Trump a eu une maman, comme les autres
Daniel Schneidermann - - Le matinaute - 28 commentaires Télécharger la videoTélécharger la version audio
Comme si c'était fait. J'écris à quelques heures de cette image inimaginable :
Donald Trump prêtant serment sur la Bible, et entrant à la Maison Blanche. "Deux Bibles", précisent les radios du matin. Celle de Lincoln, et celle que lui a offerte sa maman. Car les radios du matin continuent de "faire du journalisme", c'est à dire de raconter des petites histoires, des sympathiques anecdotes de coulisses, qui humanisent les grands personnages. Sur Trump comme sur les autres. Oui, Trump a eu une maman, comme tout le monde. Comme si Trump était un président comme les autres. Le journalisme ne doit pas s'arrêter. Il ne s'arrête jamais. Jamais le journalisme ne s'assoira sur le bord de la route, ne se prendra la tête dans les mains, en se demandant : et maintenant, on fait quoi ?
Il faut donc que ce soient d'autres que les journalistes, qui se posent ces questions, et qui cherchent la piste à tâtons dans le brouillard. Les sociologues, par exemple. Trump n'est pas Arturo Ui, c'est Ubu Roi, estime ce matin dans Libéle sociologue Didier Fassin. Donc, le traiter comme un bouffon, plutôt que comme un fasciste. S'emparer des outils du grotesque, plutôt que de ceux de la tragédie politique. C'est une option. Sans doute la moins mal adaptée. Le rire peut-être libérateur, comme le montre le succès de cette interne insoumise, Sabrina Ali Benali (qui est finalement, oui Patrick Cohen, une vraie interne, vraiment payée par l'AP-HP, comme l'a démontré notre longue et douloureuse enquête).
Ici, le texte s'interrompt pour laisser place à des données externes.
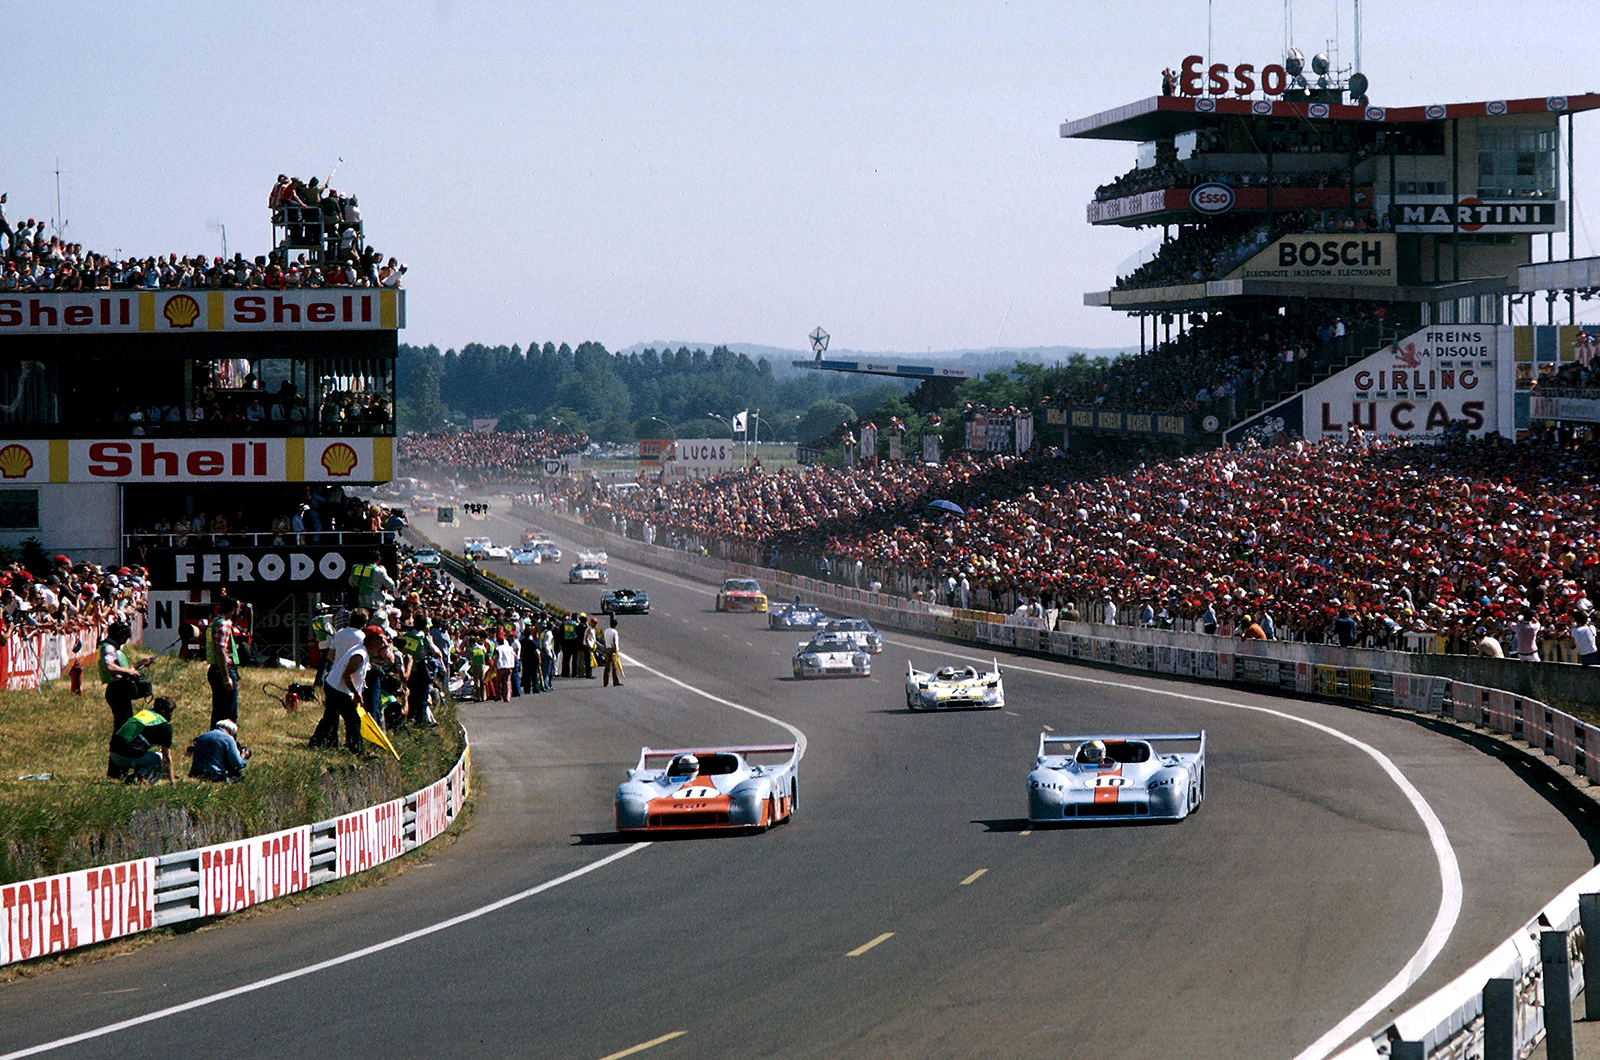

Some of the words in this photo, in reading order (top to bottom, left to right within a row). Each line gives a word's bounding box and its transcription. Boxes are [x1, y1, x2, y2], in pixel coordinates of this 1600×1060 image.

[1403, 206, 1541, 223] MARTINI
[1278, 241, 1382, 267] BOSCH
[1294, 270, 1331, 278] INJECTION
[0, 298, 130, 327] Shell
[233, 295, 372, 324] Shell
[1426, 332, 1482, 342] FREINS
[1436, 346, 1487, 357] DISQUE
[1354, 370, 1479, 391] GIRLING
[1321, 400, 1485, 432] LUCAS
[88, 442, 267, 477] Shell
[683, 446, 726, 460] LUCAS
[546, 462, 559, 474] BP
[174, 552, 346, 583] FERODO
[685, 789, 707, 798] 11
[337, 812, 373, 878] TOTAL
[375, 800, 401, 864] TOTAL
[262, 829, 308, 900] TOTAL
[202, 844, 256, 916] TOTAL
[87, 861, 153, 943] TOTAL
[2, 876, 78, 963] TOTAL
La vérité, c'est que personne ne parvient pour l'instant à trouver les mots pour dire Trump. On a même du mal à trouver les mots pour expliquer qu'on ne trouve pas les mots. Le registre de la colère, comme Bernie Sanders interrogeant le climatosceptique Scott Pruitt qui va être en charge de la protection du climat ? C'est une possibilité. Ça venge. Ça soulage sur le moment. Mais qu'en reste-t-il ? L'image d'un homme énervé, contre un homme calme. Double tranchant. Ne désespérons pas. On finit toujours par trouver. Comme disent les derniers mots d'Obama à la presse de l'ancien monde, qui l'a tant aimé : "we're going to be OK". Ça finira par aller. L'essentiel, c'est de le croire.